Please restate the records below verbatim, omitting every image they hold.
[AVAILABLE RECORDS Boundary: Start]
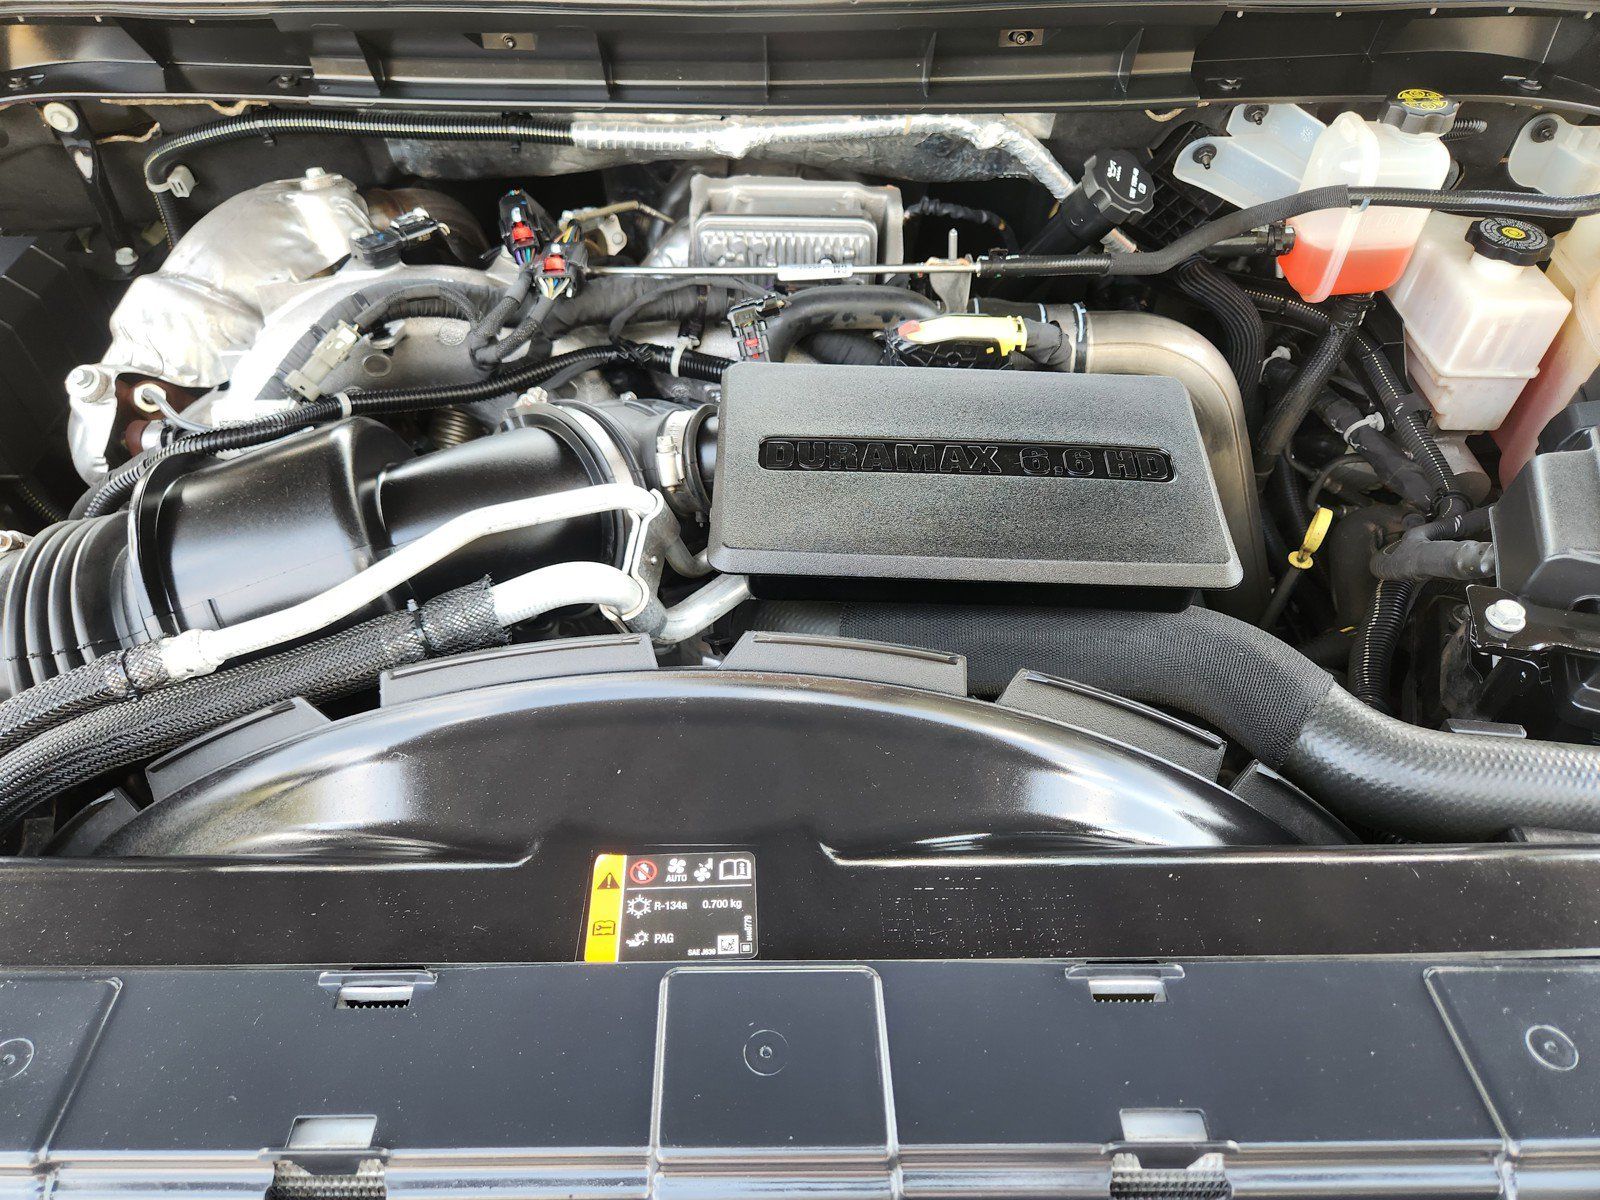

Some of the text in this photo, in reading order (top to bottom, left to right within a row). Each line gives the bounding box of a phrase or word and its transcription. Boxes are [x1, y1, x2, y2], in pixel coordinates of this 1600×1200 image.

[765, 441, 1169, 480] DURAMAX 6.6 HD
[665, 874, 688, 883] AUTO
[653, 898, 743, 911] R-134a 0.700 kg
[653, 933, 675, 944] PAG
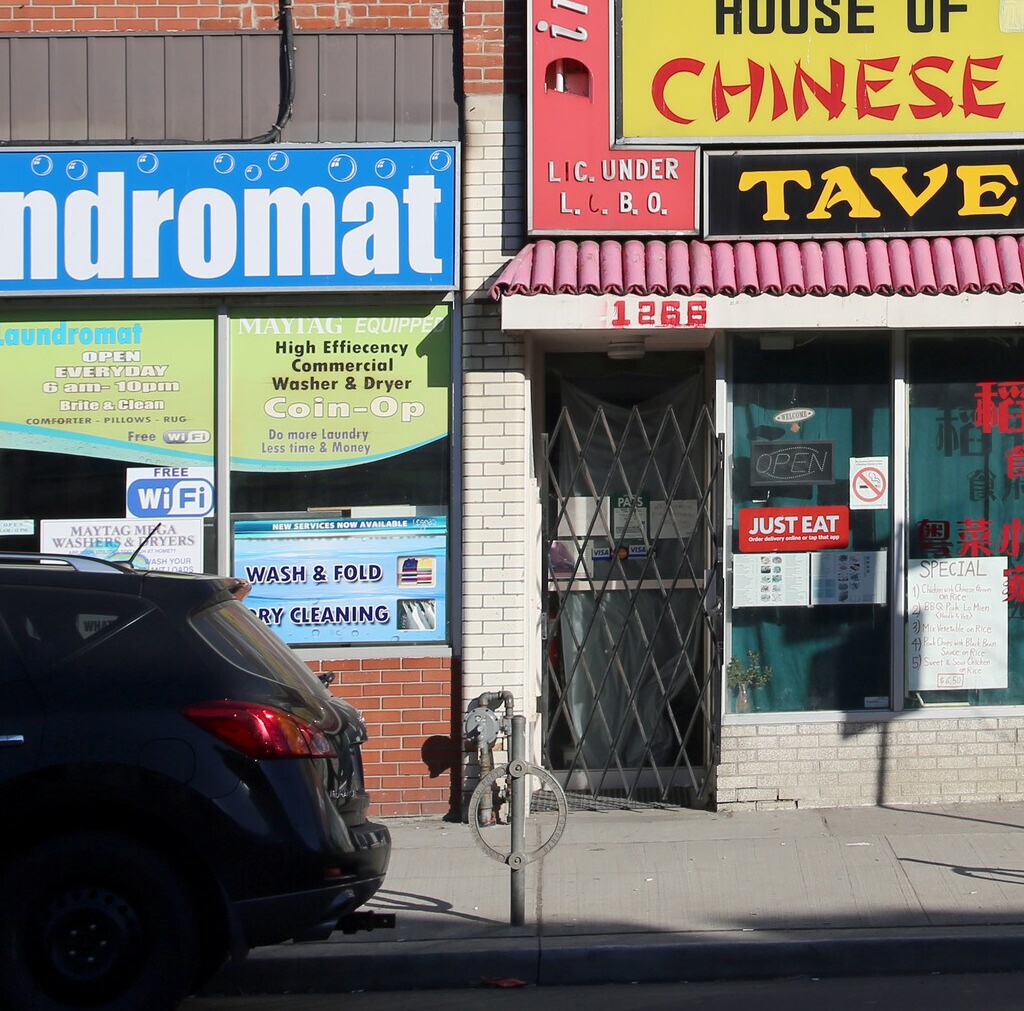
[AVAILABLE RECORDS Boundary: End]
**ANSWER FOR THE TASK**
Some of the text in this photo, in reading order (top to bottom, left to right within a row). Each line gives the bounding box of a phrase or word and its transcription. Boxes are [x1, y1, x2, y2], in pixel coordinates of this 1600×1200 image.

[765, 441, 1169, 480] DURAMAX 6.6 HD
[665, 874, 688, 883] AUTO
[653, 898, 743, 911] R-134a 0.700 kg
[653, 933, 675, 944] PAG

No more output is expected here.